Movie Review by Stephen Doyle
Starring: Molly Parker, David Wenham, Harry Eden, Gary Lewis, Keira Knightley
Director: Gillies MacKinnon
10 year-old Paul (Harry Eden), a fanatical West Ham fan growing up in London’s East End within sight of their stadium, has become the family rock after the untimely death of his father. His mother, Mel (Molly Parker), unable to cope with the loss, has become dependent on heroin. Paul, at the start of the film, is ignorant about the drug. He believes, as his mother has told him, that heroin is her medicine and is an attempt to cure her illness rather than the cause of it.

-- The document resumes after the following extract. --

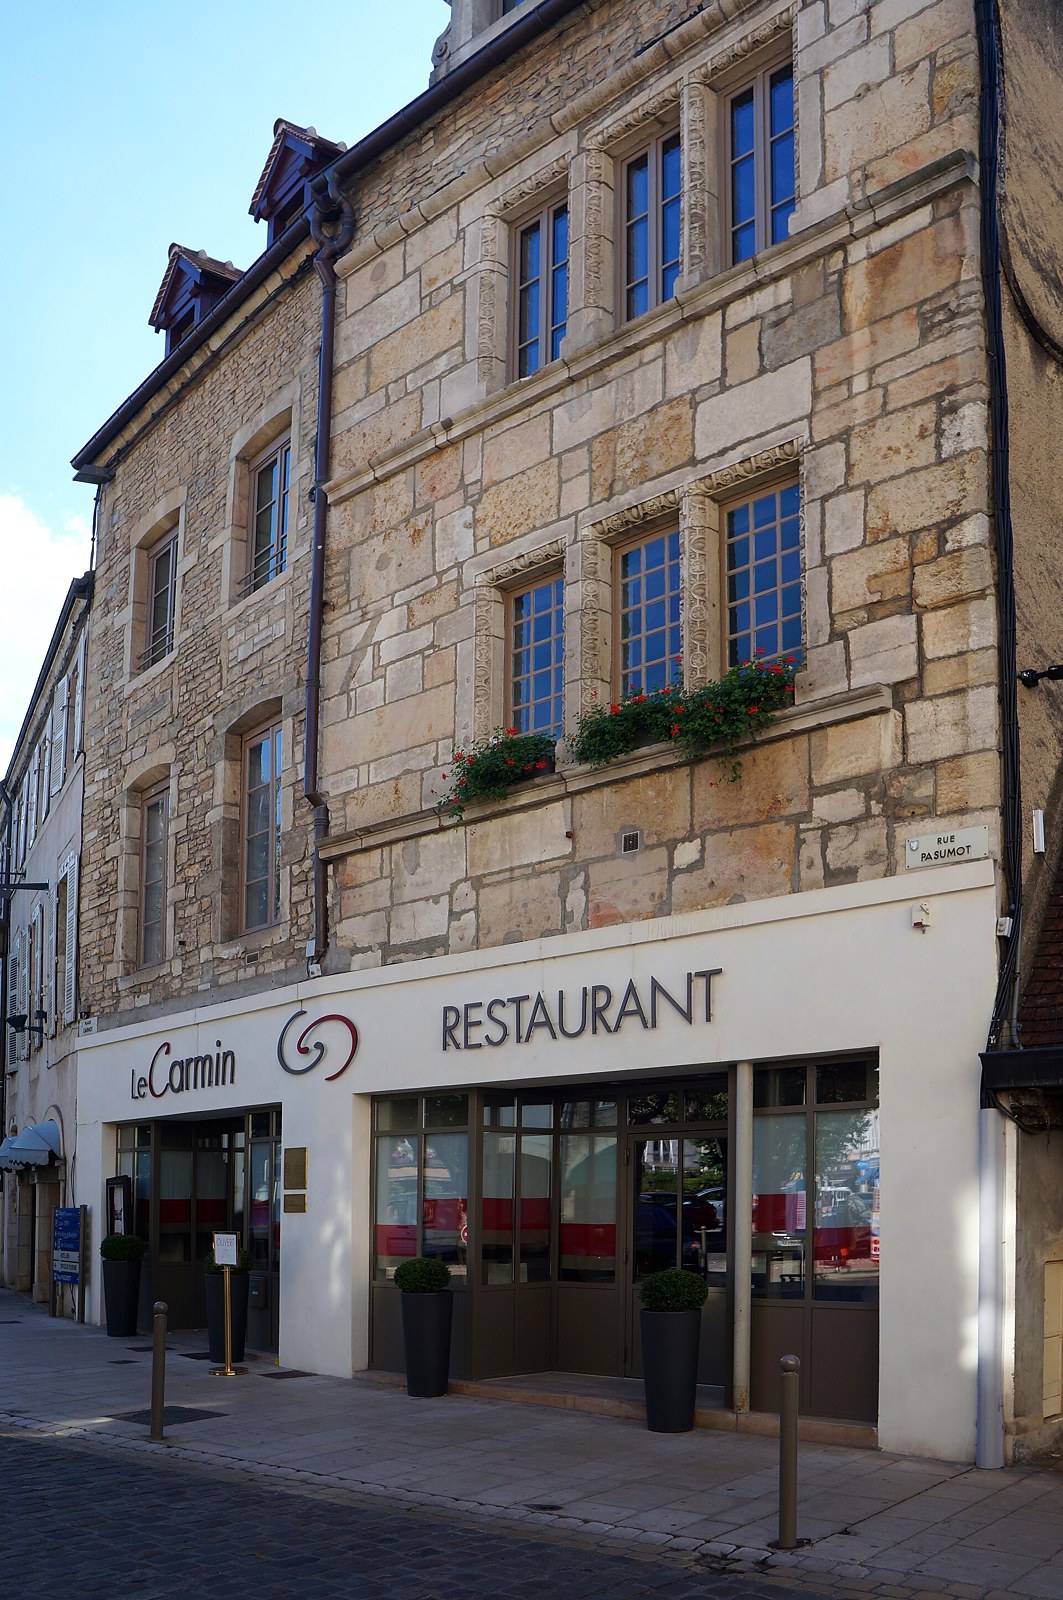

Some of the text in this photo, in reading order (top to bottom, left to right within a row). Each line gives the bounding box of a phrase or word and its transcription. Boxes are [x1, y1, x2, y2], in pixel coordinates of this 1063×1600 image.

The shocking opening scene sees him innocently cooking up a hit for his mother one morning. However, from this starting point of complete ignorance he quickly progresses on a steep and painful learning curve as he discovers the true depravity of the drug. He develops a vehement hatred of heroin and becomes determined to get his mother to give it up as he witnesses the inevitable destruction it causes.
This is a worthy movie, which never descends into sensationalist melodrama, as can tend to happen when the same subject is handled by TV programmes and other films. Instead, this is a well researched and professionally made account of a sensitive issue.
The cast all turn in committed performances. Especially good are Molly Parker and Harry Eden as the mother and son, whose close but troubled bond forms the basis of the film. Eden has an extraordinarily difficult task for an inexperienced ten year-old. His performance, in places, shows an emotional range beyond his years, as when he lashes out at his mother when the heroin has made her do something particularly wicked. We see not only his range at this point, but also a heartbreaking fear – that his mother is turning from an angel into a monster before his eyes and that the transformation seems irreversible.
The Canadian actress, Molly Parker, has another demanding role. She portrays a difficult paradox well – how a genuinely doting mother can at the same time, while in the throes of heroin addiction, neglect her children so wickedly. She is convincing as both Dr Jeckyll and Mrs Hyde. She also deserves praise for the faultless London accent she adopts for the movie.
I would like to continue being positive about this movie as the noble intentions behind it are genuinely admirable. But the truth is that there is not much here that hasn’t been seen before. The depravity people descend to to get their next hit, the agony of going cold turkey, the shady and unscrupulous drug dealer, the near insurmountable task of giving up – every tired cliche is here.
There are further flaws, which admittedly, are only minor, but their cumulative effect is a detrimental one, making the film fall short of being the profound and moving experience that it could have been. For example, the incidental music, consisting of a simplistic schmaltzy ditty for the sentimental scenes and a loud drum and bass sample for action and tension scenes, lends an ill-advised flavour to the proceedings. It is a score that a made-for-TV film would be grateful for, but that you would expect Giles MacKinnon to ditch for something more sophisticated.
But PURE remains very watchable, despite the disturbing material. MacKinnon, the director of HIDEOUS KINKY and the little seen but much maligned SMALL FACES, brings a lot of imagination and flair to the direction. I expect one day this director will make some great films, but I doubt this will be considered one of them.